(Collected data)
▬▬▬▬▬▬▬▬▬▬
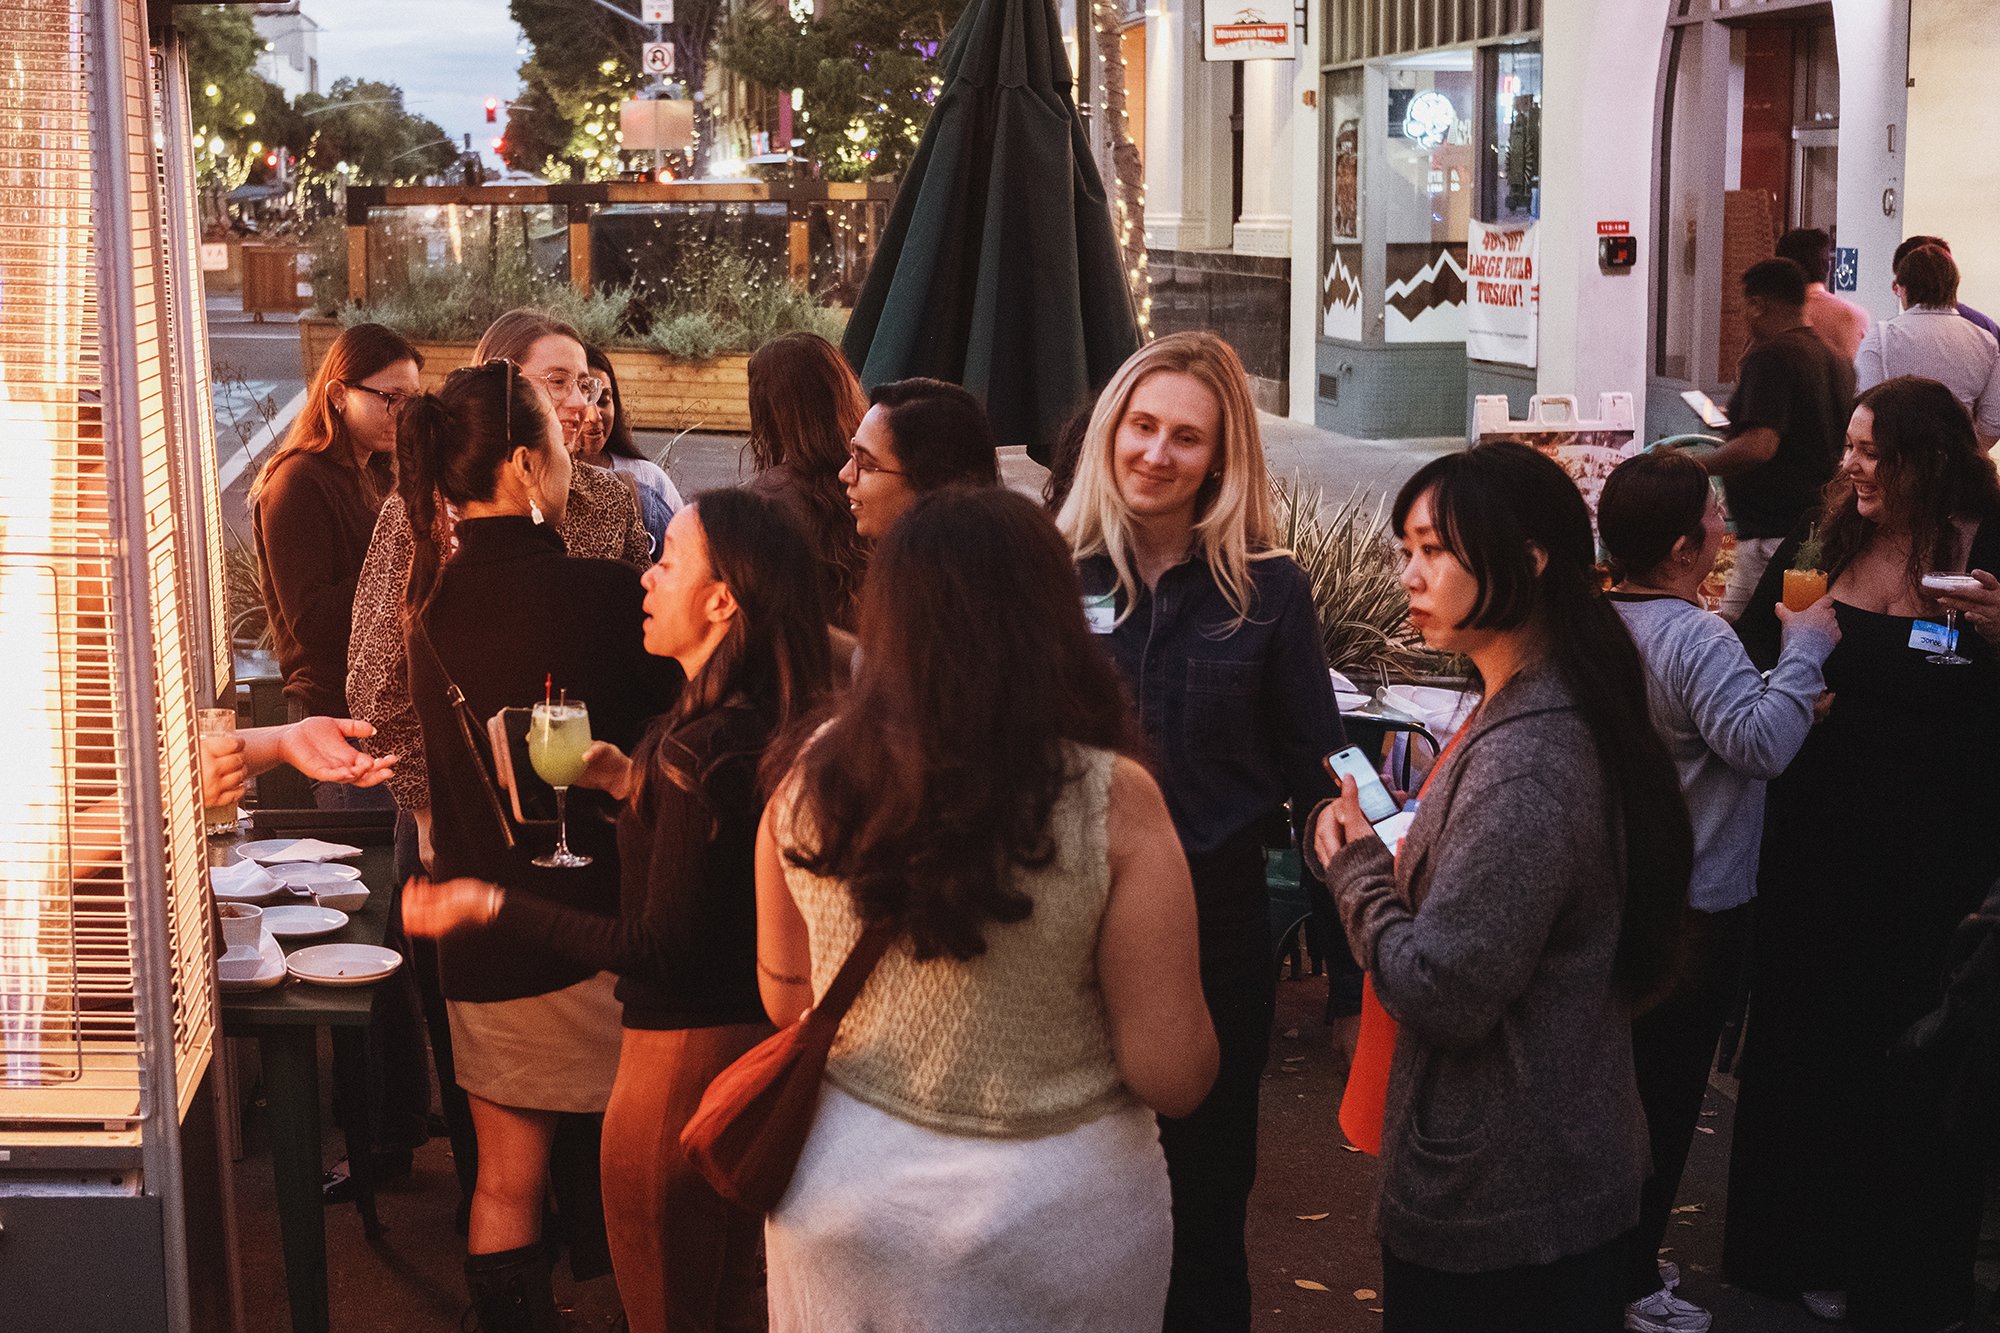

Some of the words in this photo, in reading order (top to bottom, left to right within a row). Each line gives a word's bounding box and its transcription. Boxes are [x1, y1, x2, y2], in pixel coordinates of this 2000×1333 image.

[1503, 230, 1525, 252] OFF
[1469, 254, 1502, 277] LARGE
[1504, 256, 1532, 279] PIZZA
[1477, 281, 1523, 307] TUESDAY!
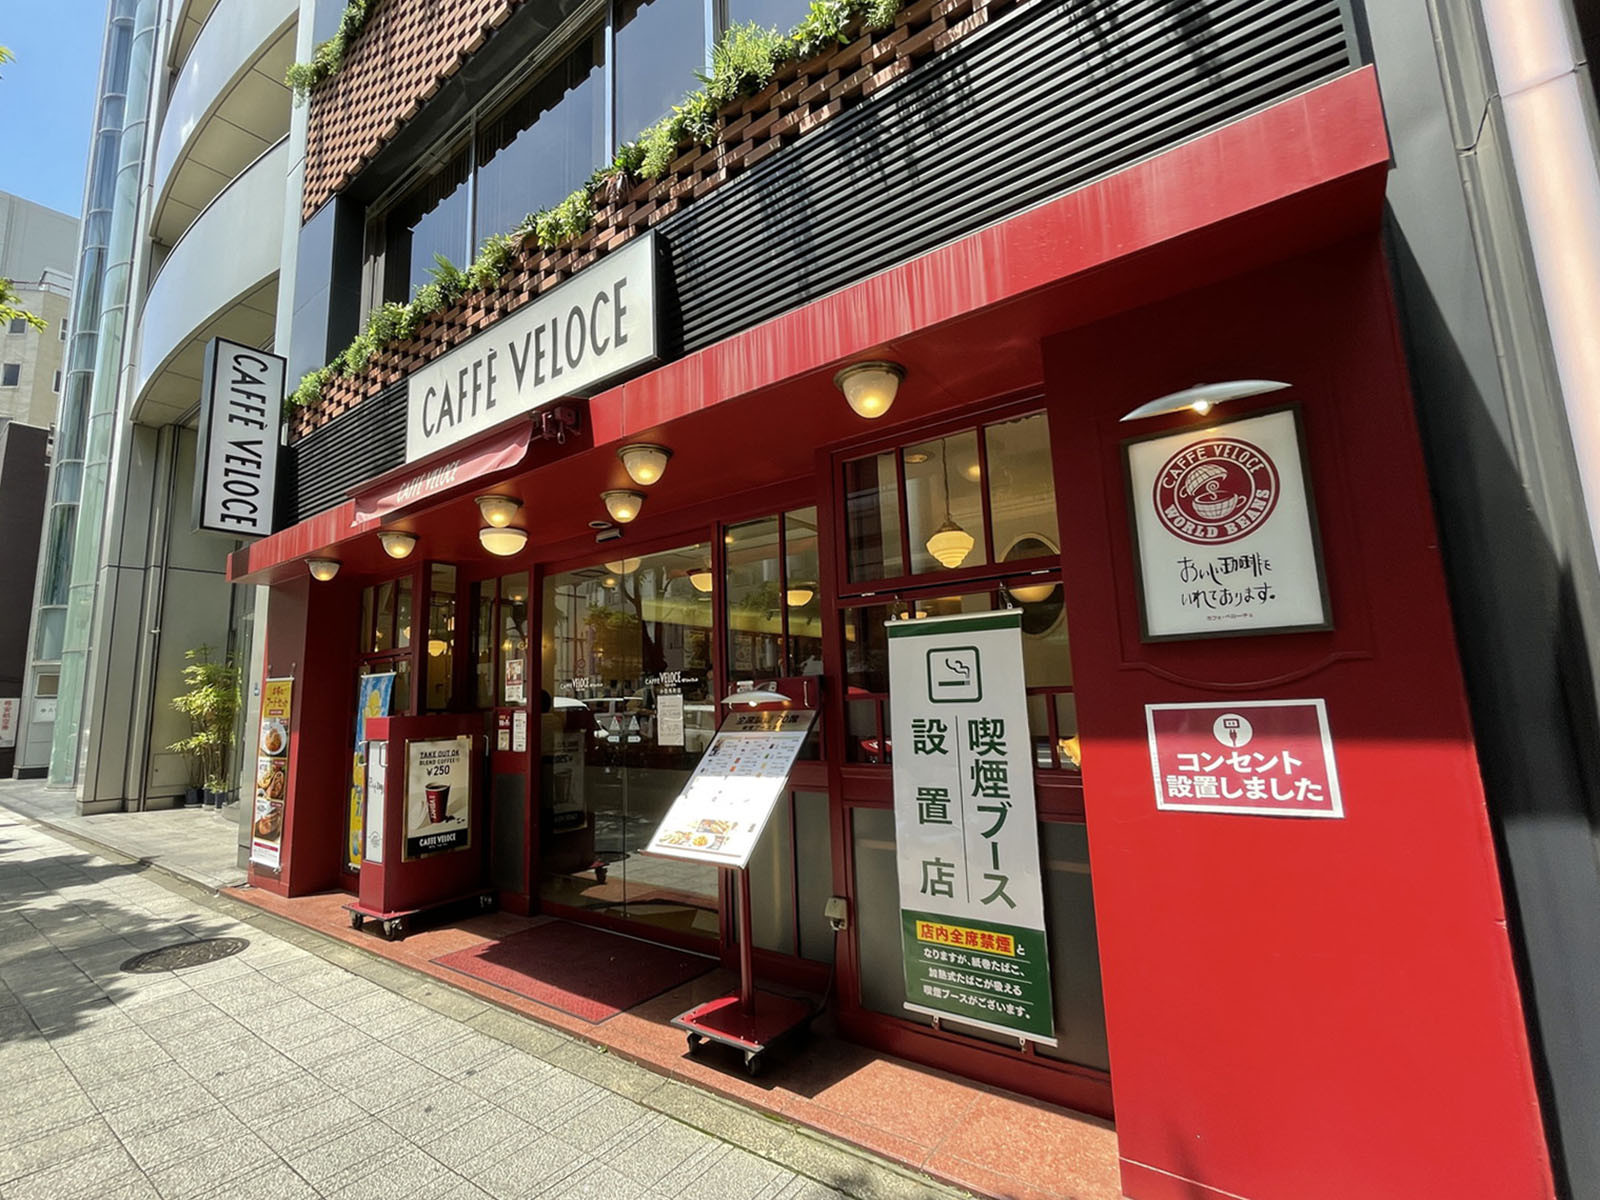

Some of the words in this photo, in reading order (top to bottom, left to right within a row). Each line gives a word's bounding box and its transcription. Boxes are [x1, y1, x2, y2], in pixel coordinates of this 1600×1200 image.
▬▬▬▬▬▬▬▬▬▬
Without copying any images, transcribe the records exactly as they stand.

EXERCISE SOLUTION:
Some of the words in this photo, in reading order (top to bottom, left to right within a row). Each line gives a word's bounding box and its transcription. Boxes are [x1, y1, x2, y2], in pixel coordinates of this 2000×1333 image.

[1503, 230, 1525, 252] OFF
[1469, 254, 1502, 277] LARGE
[1504, 256, 1532, 279] PIZZA
[1477, 281, 1523, 307] TUESDAY!

Some of the words in this photo, in reading order (top to bottom, left to right within a row). Each line gives a word's bounding box and its transcription. Boxes are [x1, y1, x2, y2], in pixel coordinates of this 1600×1200 image.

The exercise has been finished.